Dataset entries
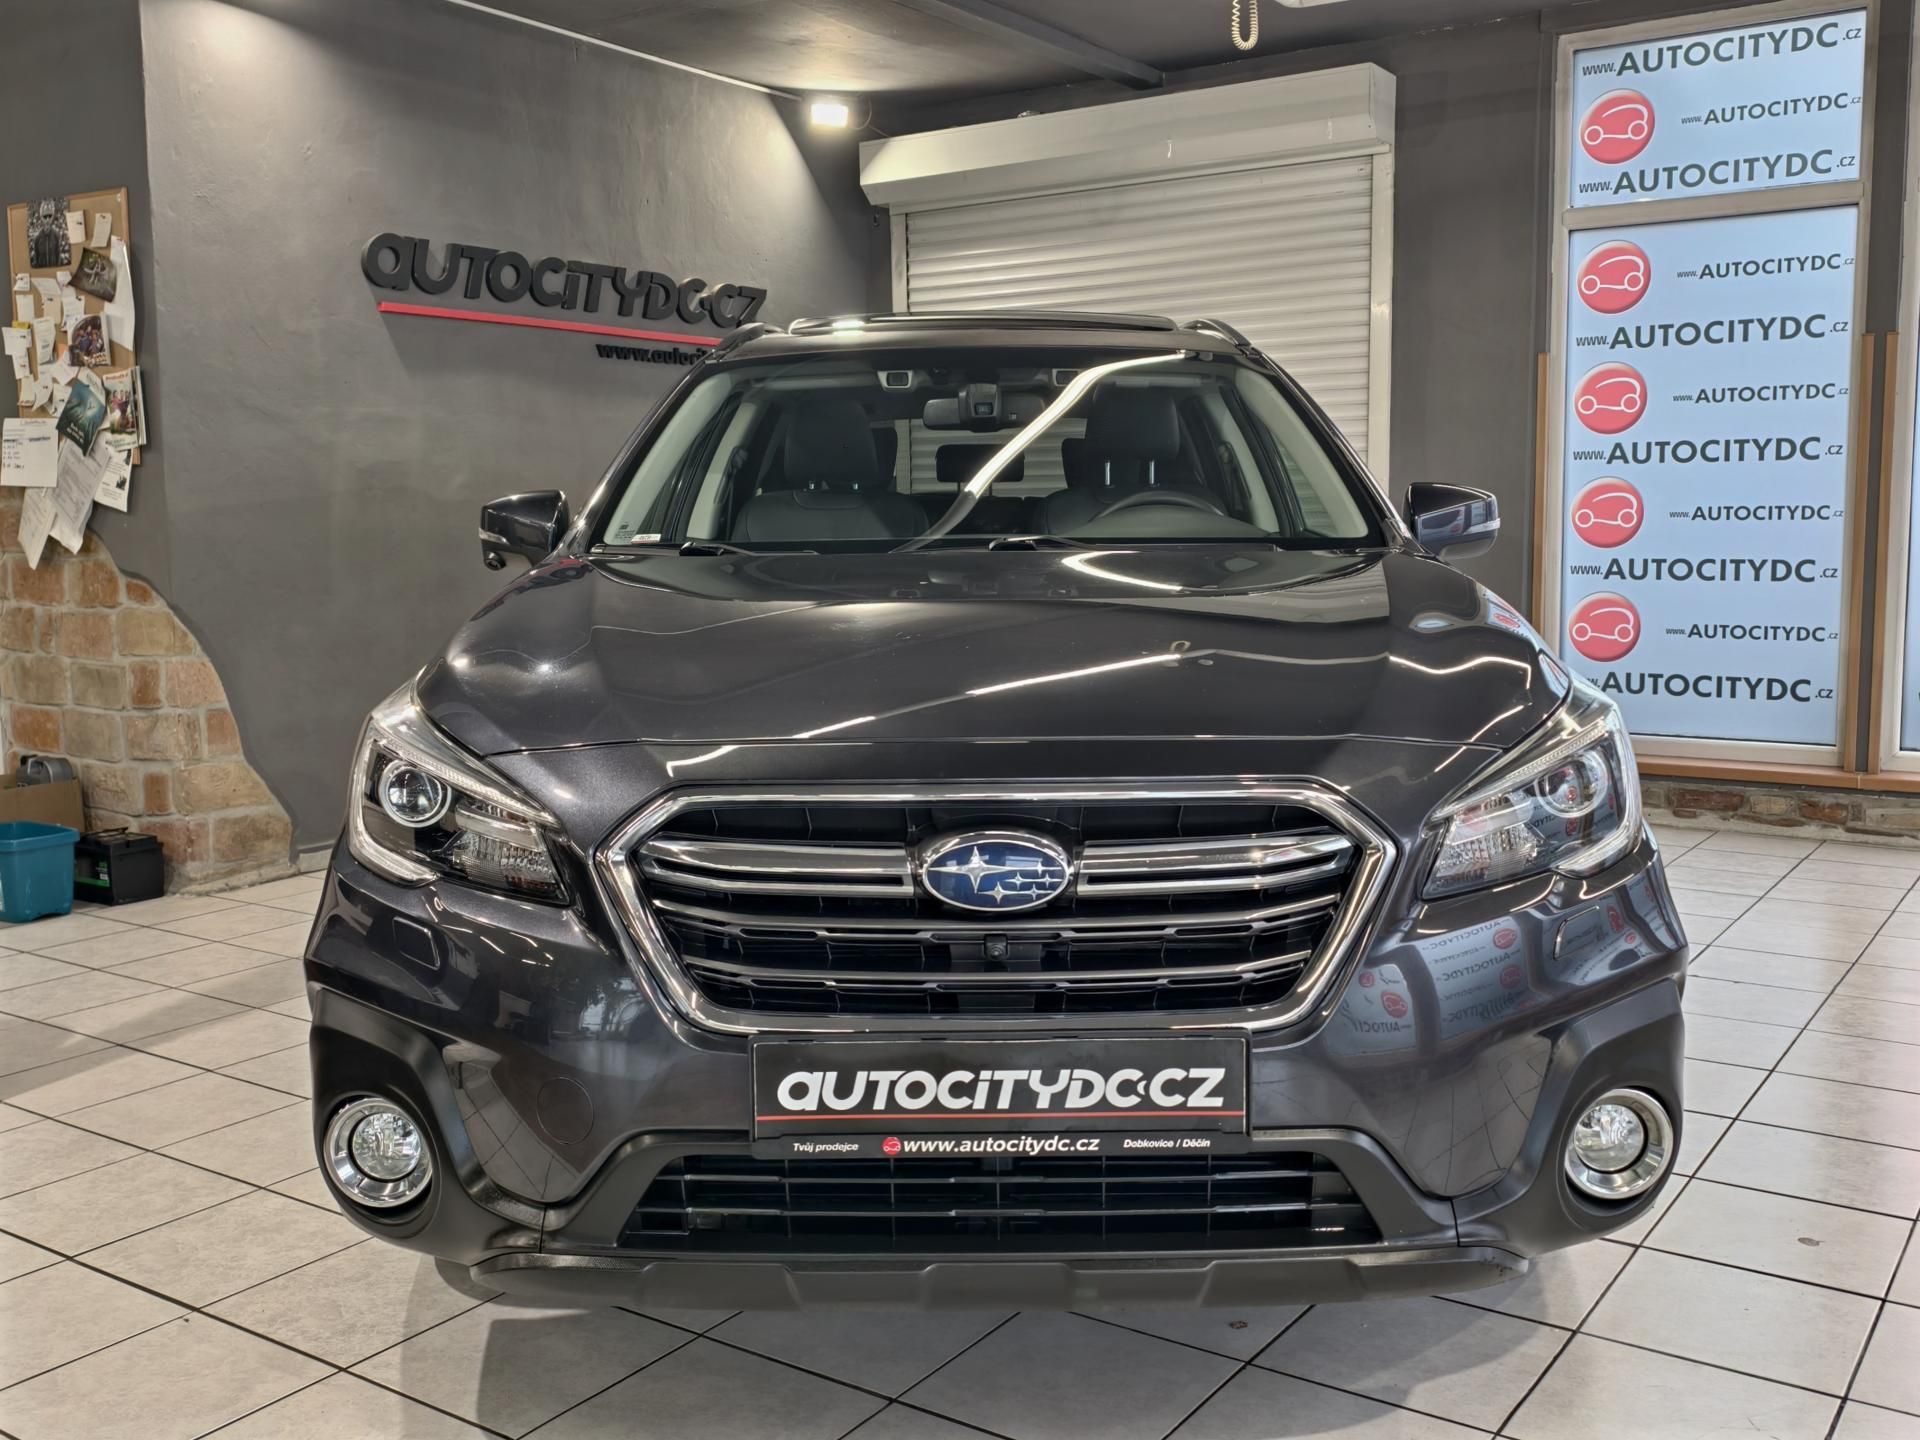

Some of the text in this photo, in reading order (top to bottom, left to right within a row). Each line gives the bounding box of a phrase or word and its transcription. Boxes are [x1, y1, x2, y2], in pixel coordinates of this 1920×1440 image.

[1582, 22, 1862, 76] www.AUTOCITYDC.cz
[1681, 92, 1863, 125] www.AUTOCITYDC.cz
[1579, 149, 1855, 195] www.AUTOCITYDC.cz
[1677, 254, 1855, 279] www.AUTOCITYDC.cz
[1576, 314, 1848, 349] www.AUTOCITYDC.cz
[1672, 383, 1849, 404] www.AUTOCITYDC.cz
[1573, 437, 1843, 465] www.AUTOCITYDC.cz
[1669, 504, 1844, 521] www.AUTOCITYDC.cz
[1570, 558, 1838, 583] www.AUTOCITYDC.cz
[1666, 624, 1839, 642] www.AUTOCITYDC.cz
[793, 1142, 813, 1153] Tvůj
[815, 1143, 860, 1153] prodejce
[903, 1135, 1101, 1155] www.autocitydc.cz
[1123, 1138, 1174, 1148] Dobkovice
[1182, 1138, 1211, 1148] Děčín
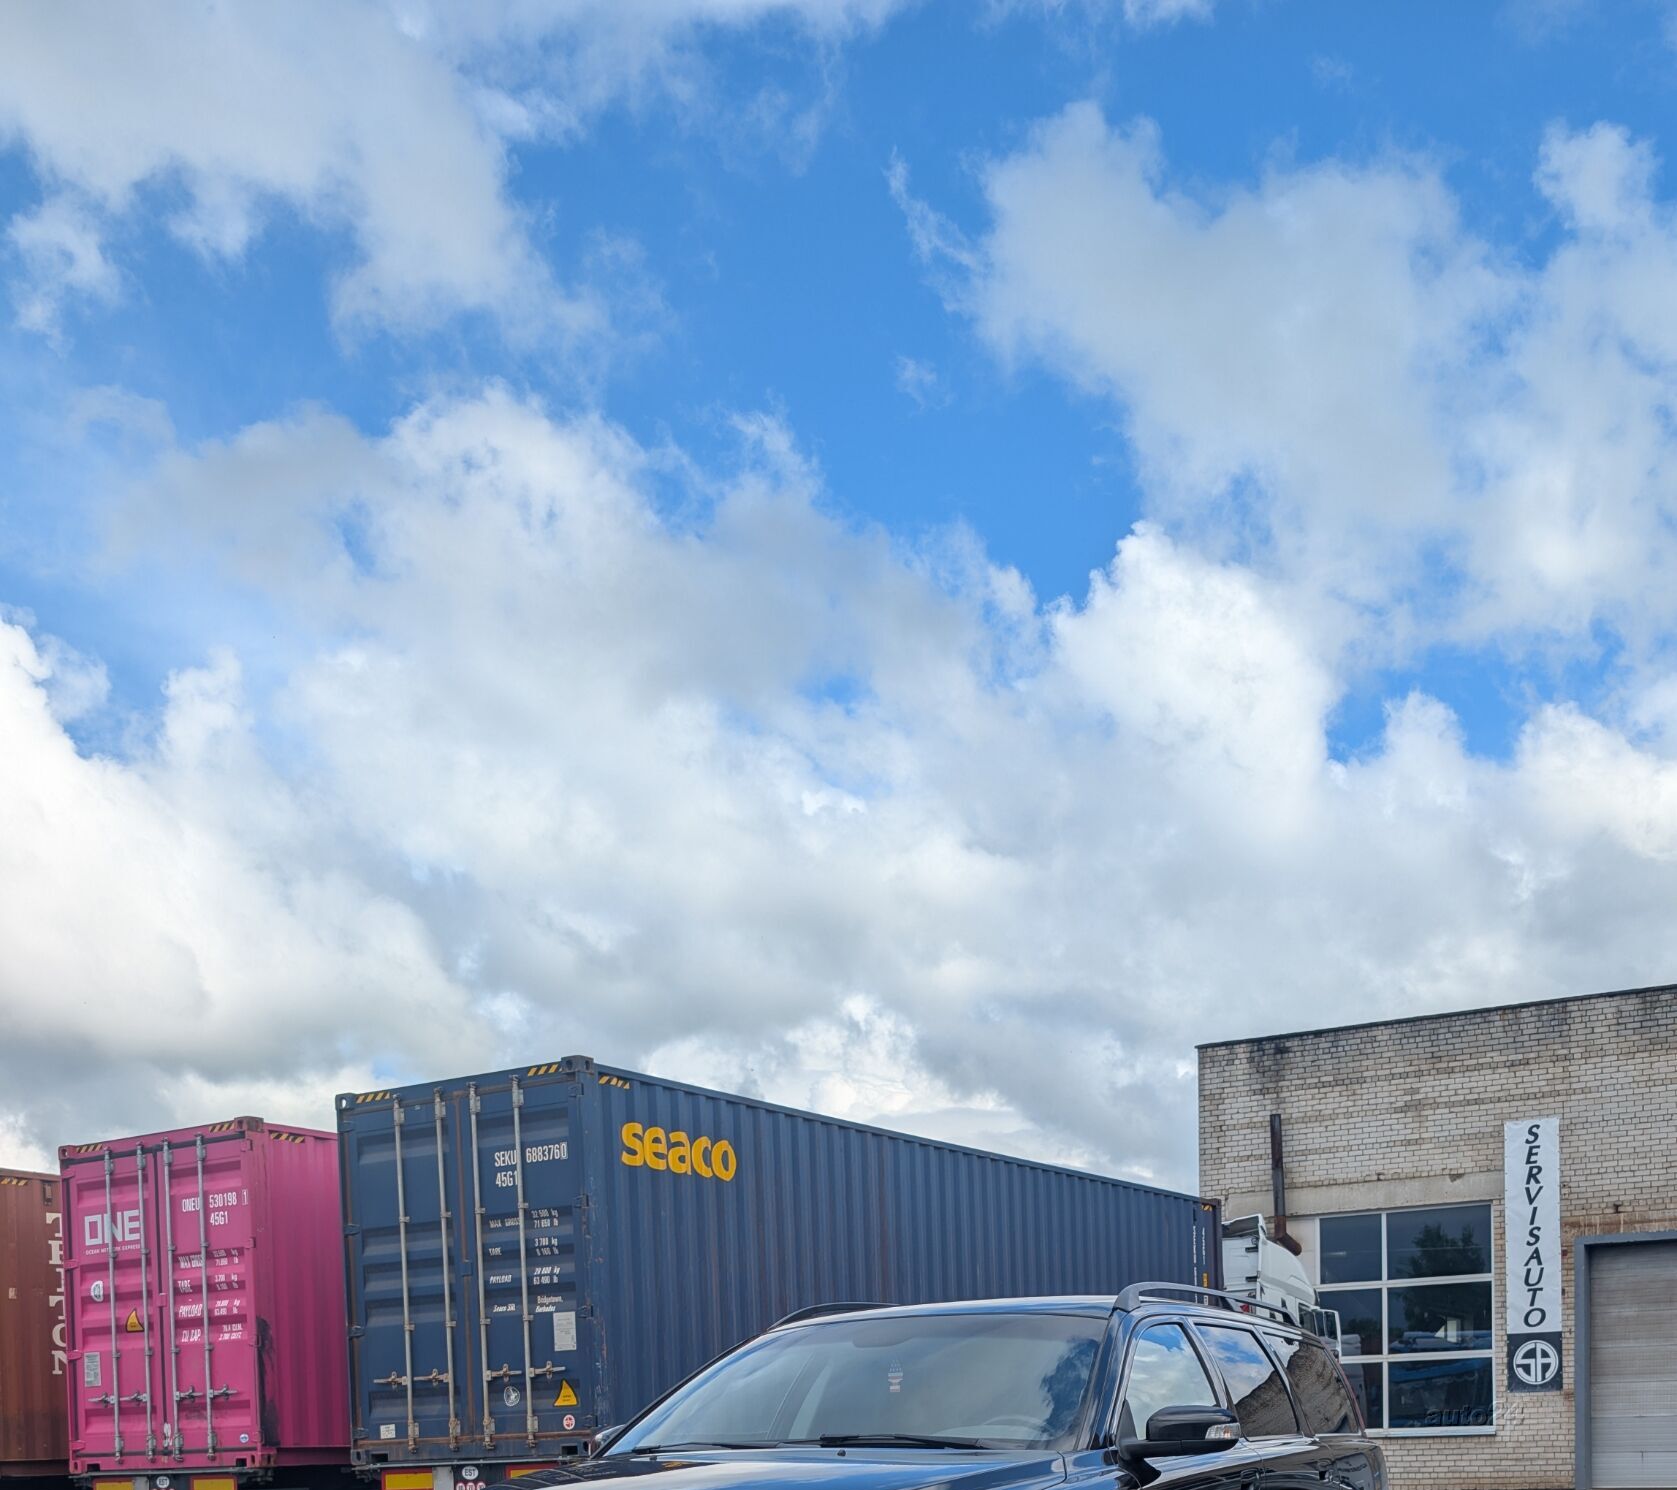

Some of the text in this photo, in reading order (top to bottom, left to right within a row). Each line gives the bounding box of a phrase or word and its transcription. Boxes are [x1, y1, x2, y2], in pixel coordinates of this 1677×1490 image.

[494, 1149, 518, 1167] SEKU
[495, 1170, 518, 1187] 45G1
[182, 1197, 201, 1212] ONEU
[209, 1191, 237, 1208] 530198
[210, 1211, 228, 1226] 45G1
[1523, 1123, 1547, 1328] SERVISAUTO
[84, 1209, 141, 1246] ONE
[179, 1303, 203, 1318] PAYLOAD
[464, 1468, 476, 1477] EST

▶ **Exercise requirements**
Transcribe the records above exactly, excluding every picture.

▶ **Response**
Some of the text in this photo, in reading order (top to bottom, left to right within a row). Each line gives the bounding box of a phrase or word and its transcription. Boxes are [x1, y1, x2, y2], in pixel coordinates of this 1920×1440 image.

[1582, 22, 1862, 76] www.AUTOCITYDC.cz
[1681, 92, 1863, 125] www.AUTOCITYDC.cz
[1579, 149, 1855, 195] www.AUTOCITYDC.cz
[1677, 254, 1855, 279] www.AUTOCITYDC.cz
[1576, 314, 1848, 349] www.AUTOCITYDC.cz
[1672, 383, 1849, 404] www.AUTOCITYDC.cz
[1573, 437, 1843, 465] www.AUTOCITYDC.cz
[1669, 504, 1844, 521] www.AUTOCITYDC.cz
[1570, 558, 1838, 583] www.AUTOCITYDC.cz
[1666, 624, 1839, 642] www.AUTOCITYDC.cz
[793, 1142, 813, 1153] Tvůj
[815, 1143, 860, 1153] prodejce
[903, 1135, 1101, 1155] www.autocitydc.cz
[1123, 1138, 1174, 1148] Dobkovice
[1182, 1138, 1211, 1148] Děčín

Some of the text in this photo, in reading order (top to bottom, left to right within a row). Each line gives the bounding box of a phrase or word and its transcription. Boxes are [x1, y1, x2, y2], in pixel coordinates of this 1677×1490 image.

[494, 1149, 518, 1167] SEKU
[495, 1170, 518, 1187] 45G1
[182, 1197, 201, 1212] ONEU
[209, 1191, 237, 1208] 530198
[210, 1211, 228, 1226] 45G1
[1523, 1123, 1547, 1328] SERVISAUTO
[84, 1209, 141, 1246] ONE
[179, 1303, 203, 1318] PAYLOAD
[464, 1468, 476, 1477] EST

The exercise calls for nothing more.